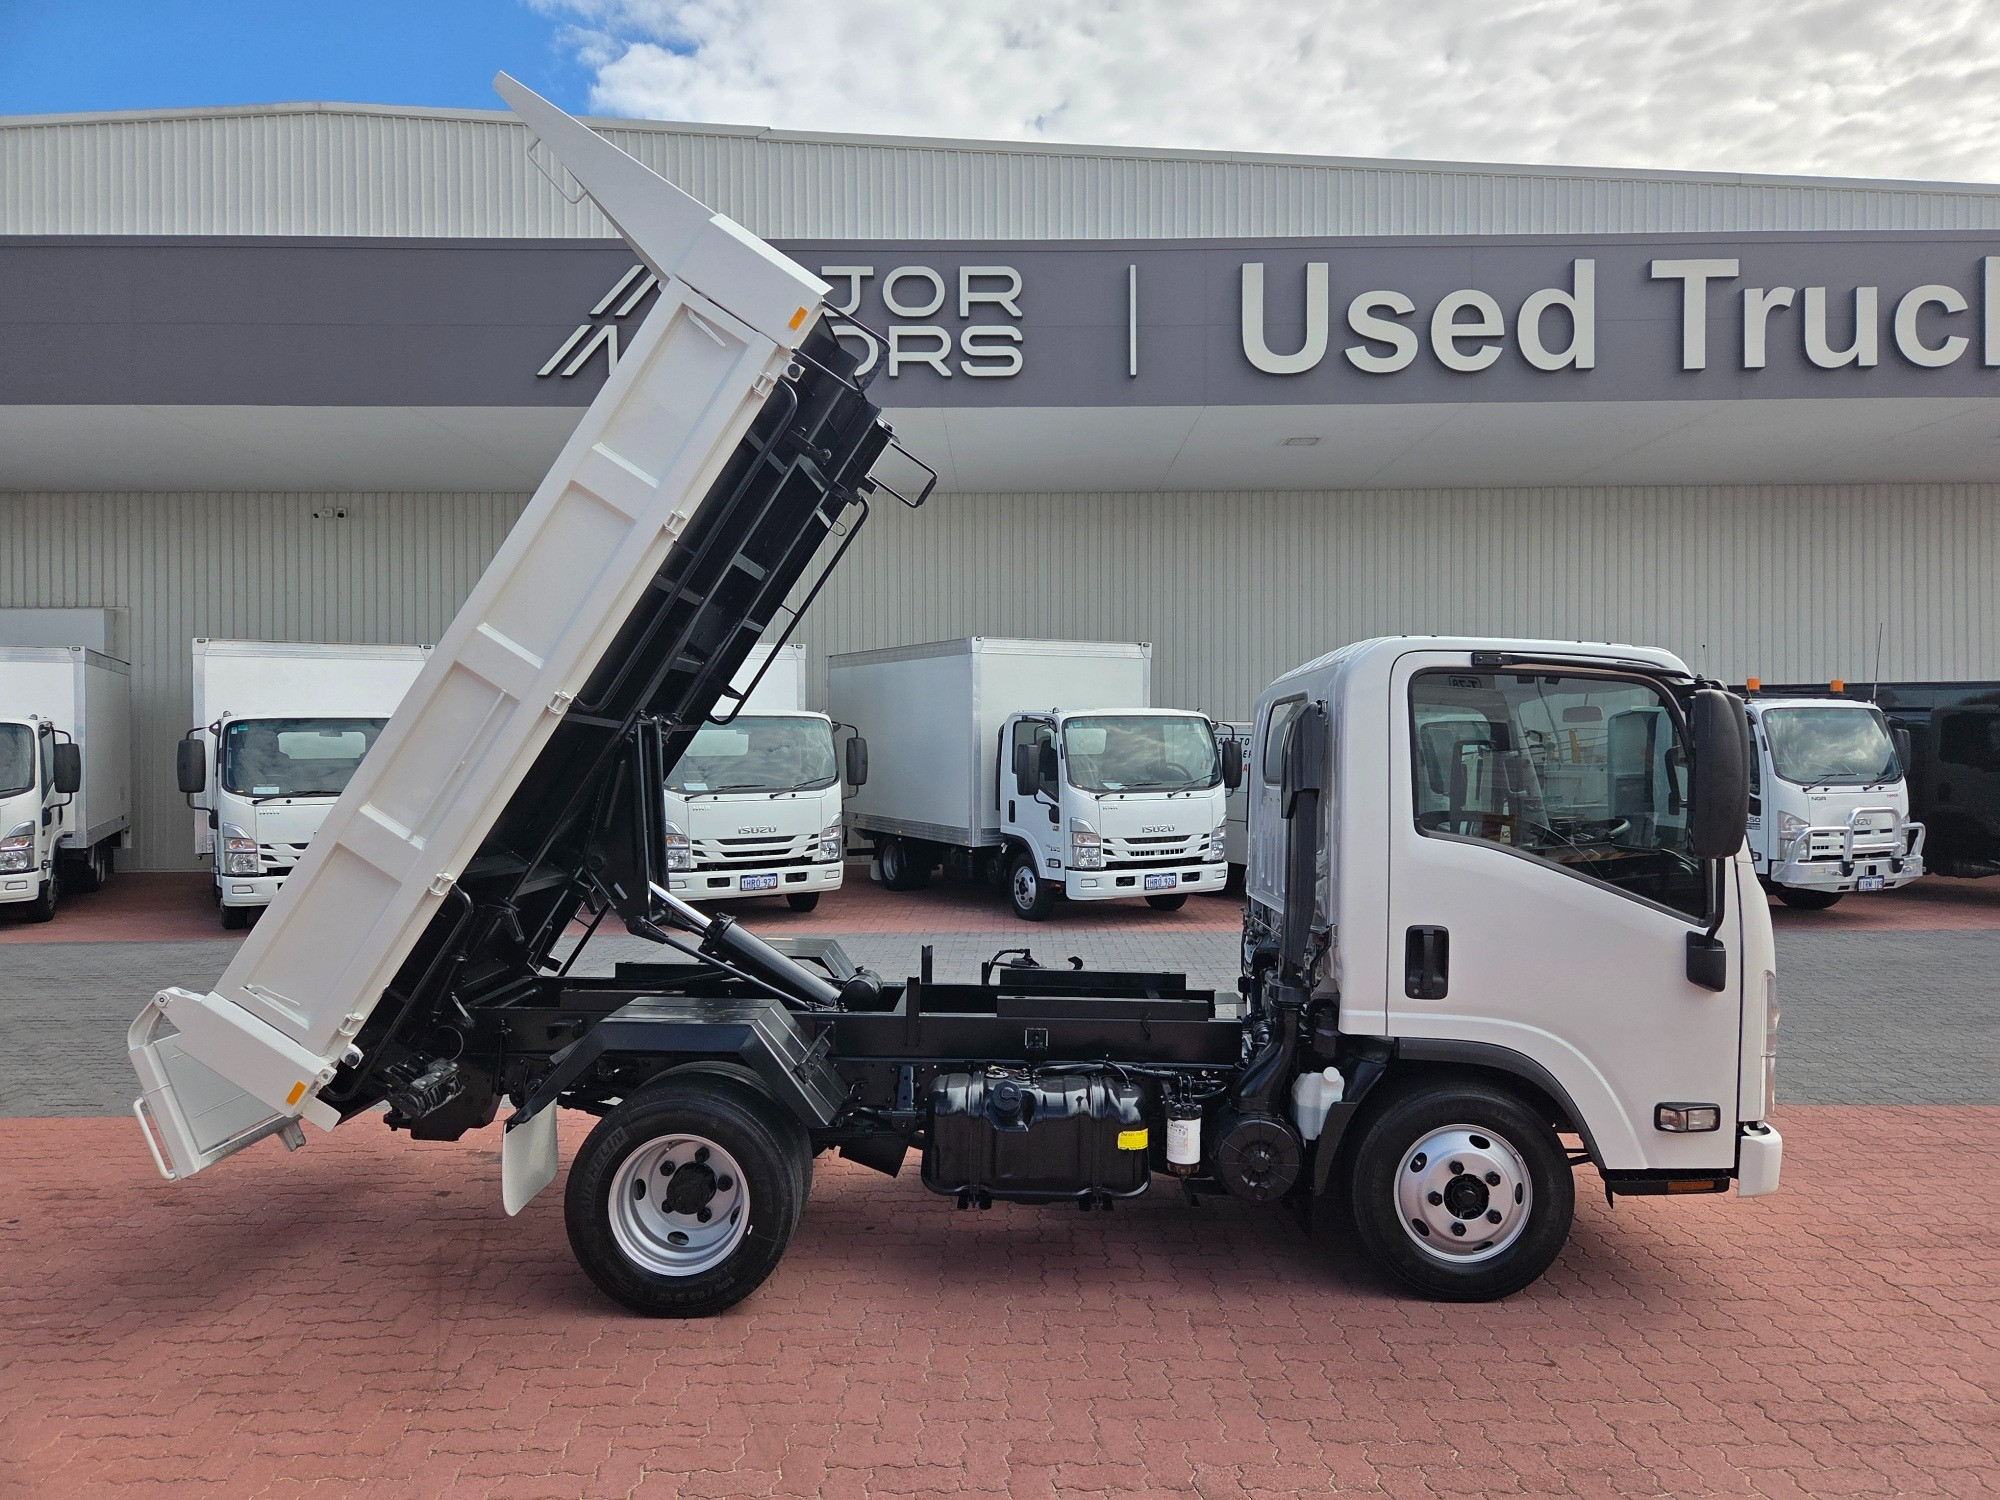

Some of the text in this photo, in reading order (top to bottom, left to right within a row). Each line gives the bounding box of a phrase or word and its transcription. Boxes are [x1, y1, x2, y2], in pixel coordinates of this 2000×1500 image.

[821, 265, 1023, 318] JOR
[1241, 258, 1595, 374] Used
[738, 825, 777, 834] ISUZU
[1142, 824, 1175, 833] ISUZU
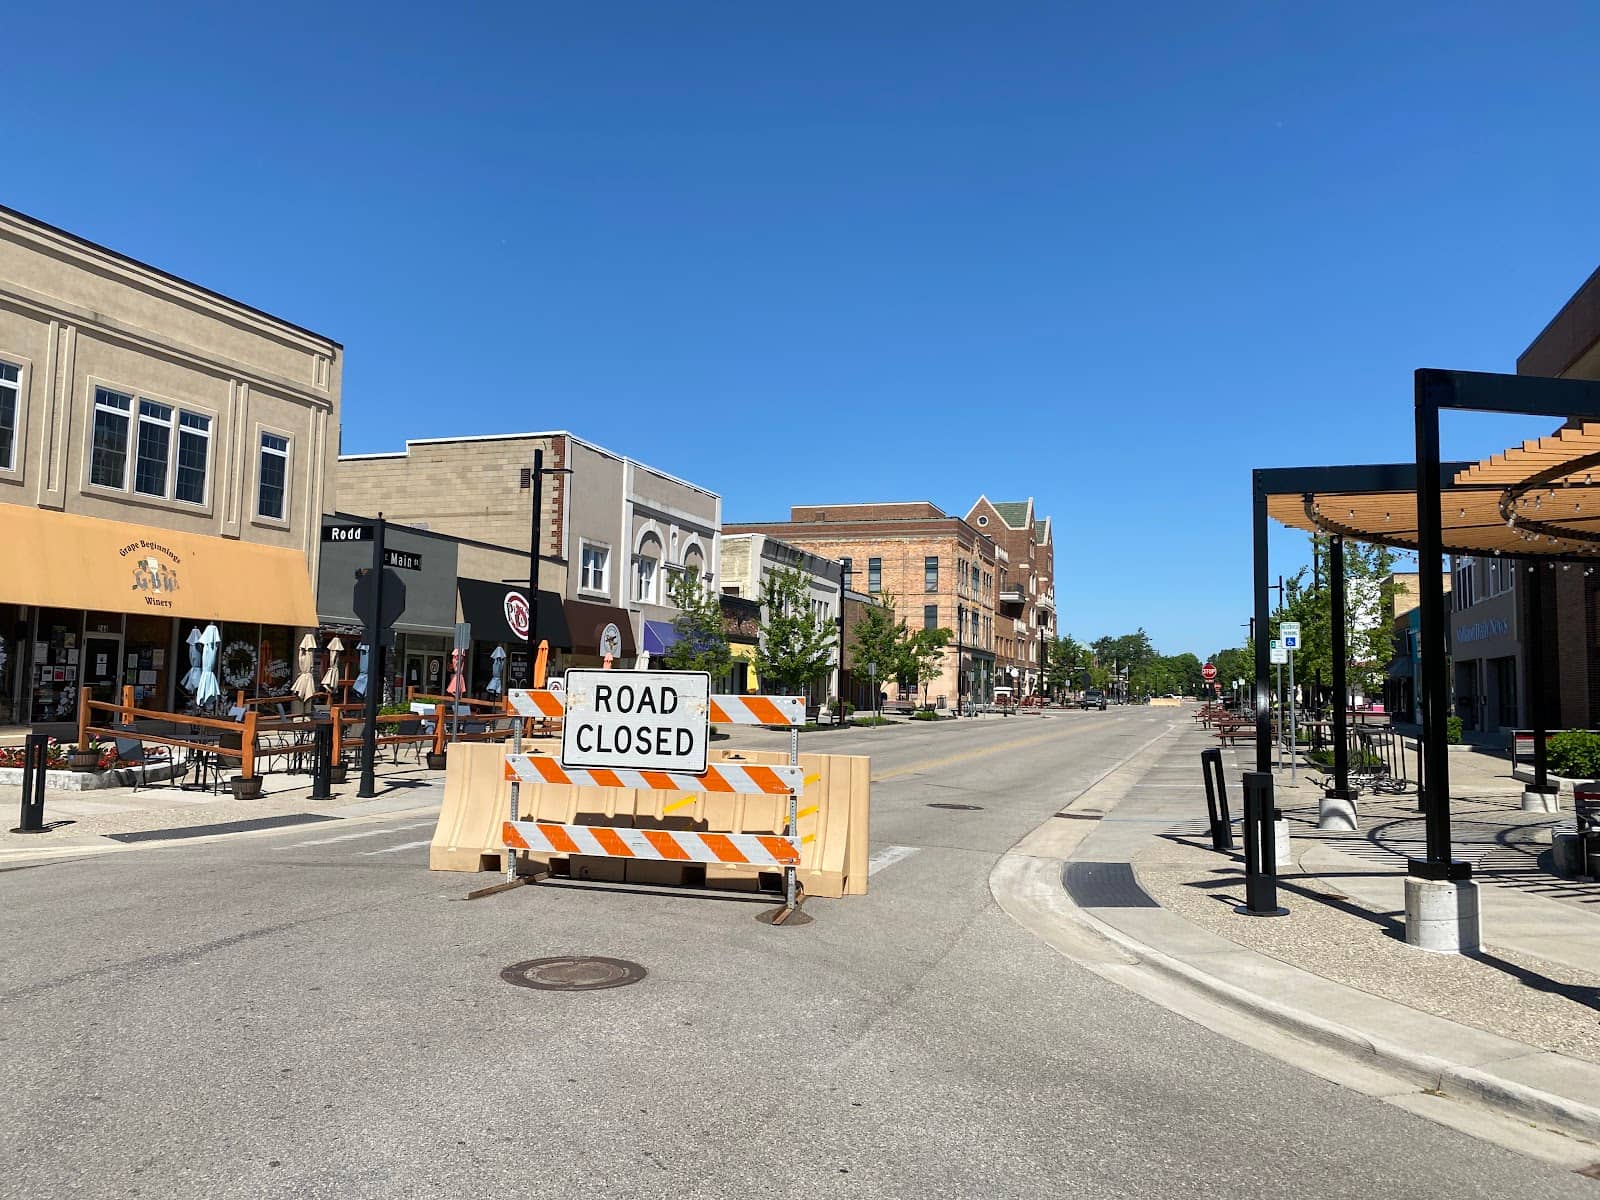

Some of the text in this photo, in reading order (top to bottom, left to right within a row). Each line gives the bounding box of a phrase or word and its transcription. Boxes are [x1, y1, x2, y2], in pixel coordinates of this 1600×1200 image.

[331, 527, 362, 540] Rodd
[119, 539, 181, 564] Grape Beginnings
[390, 552, 412, 568] Main
[144, 596, 173, 609] Winery
[594, 684, 678, 715] ROAD
[576, 723, 694, 756] CLOSED
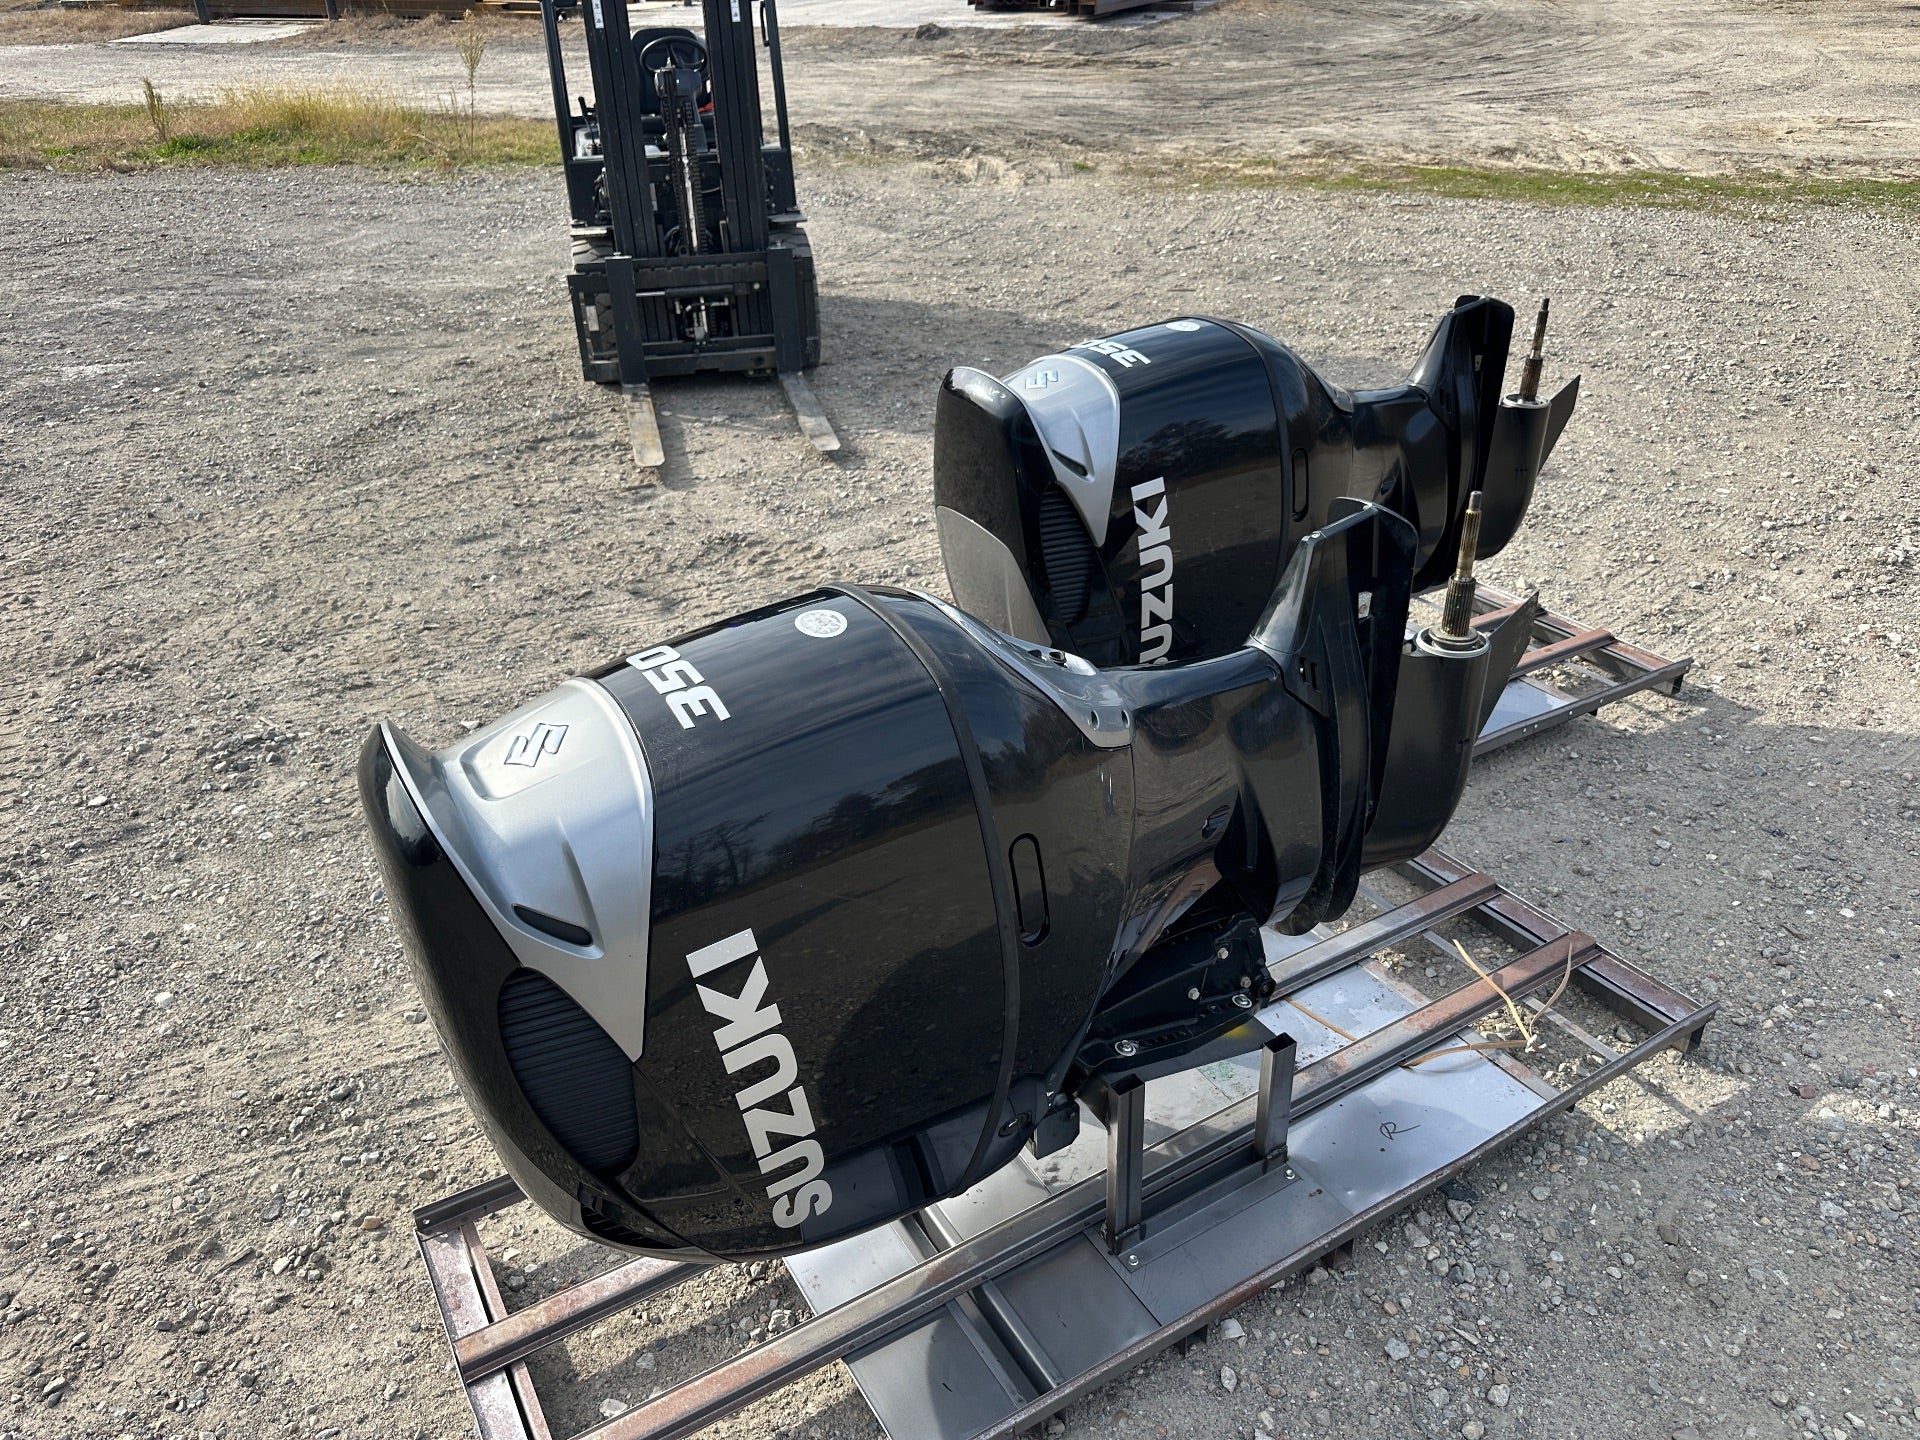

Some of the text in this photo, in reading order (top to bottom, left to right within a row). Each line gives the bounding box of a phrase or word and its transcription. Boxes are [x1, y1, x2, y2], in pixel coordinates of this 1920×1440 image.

[1131, 477, 1174, 665] UZUKI
[626, 645, 732, 730] 350
[686, 928, 833, 1229] SUZUKI

PROBLEM STATEMENT:
A faithful copy of all the data above, without its pictures, is the expected result.

SOLVED PROBLEM:
Some of the text in this photo, in reading order (top to bottom, left to right within a row). Each line gives the bounding box of a phrase or word and its transcription. Boxes are [x1, y1, x2, y2], in pixel coordinates of this 2000×1500 image.

[821, 265, 1023, 318] JOR
[1241, 258, 1595, 374] Used
[738, 825, 777, 834] ISUZU
[1142, 824, 1175, 833] ISUZU

Some of the text in this photo, in reading order (top to bottom, left to right within a row). Each line gives the bounding box of a phrase or word and its transcription. Boxes are [x1, y1, x2, y2], in pixel coordinates of this 1600×1200 image.

[331, 527, 362, 540] Rodd
[119, 539, 181, 564] Grape Beginnings
[390, 552, 412, 568] Main
[144, 596, 173, 609] Winery
[594, 684, 678, 715] ROAD
[576, 723, 694, 756] CLOSED

Some of the text in this photo, in reading order (top to bottom, left to right within a row). Each line gives the bounding box of a phrase or word and its transcription. Boxes are [x1, y1, x2, y2], in pixel coordinates of this 1920×1440 image.

[1131, 477, 1174, 665] UZUKI
[626, 645, 732, 730] 350
[686, 928, 833, 1229] SUZUKI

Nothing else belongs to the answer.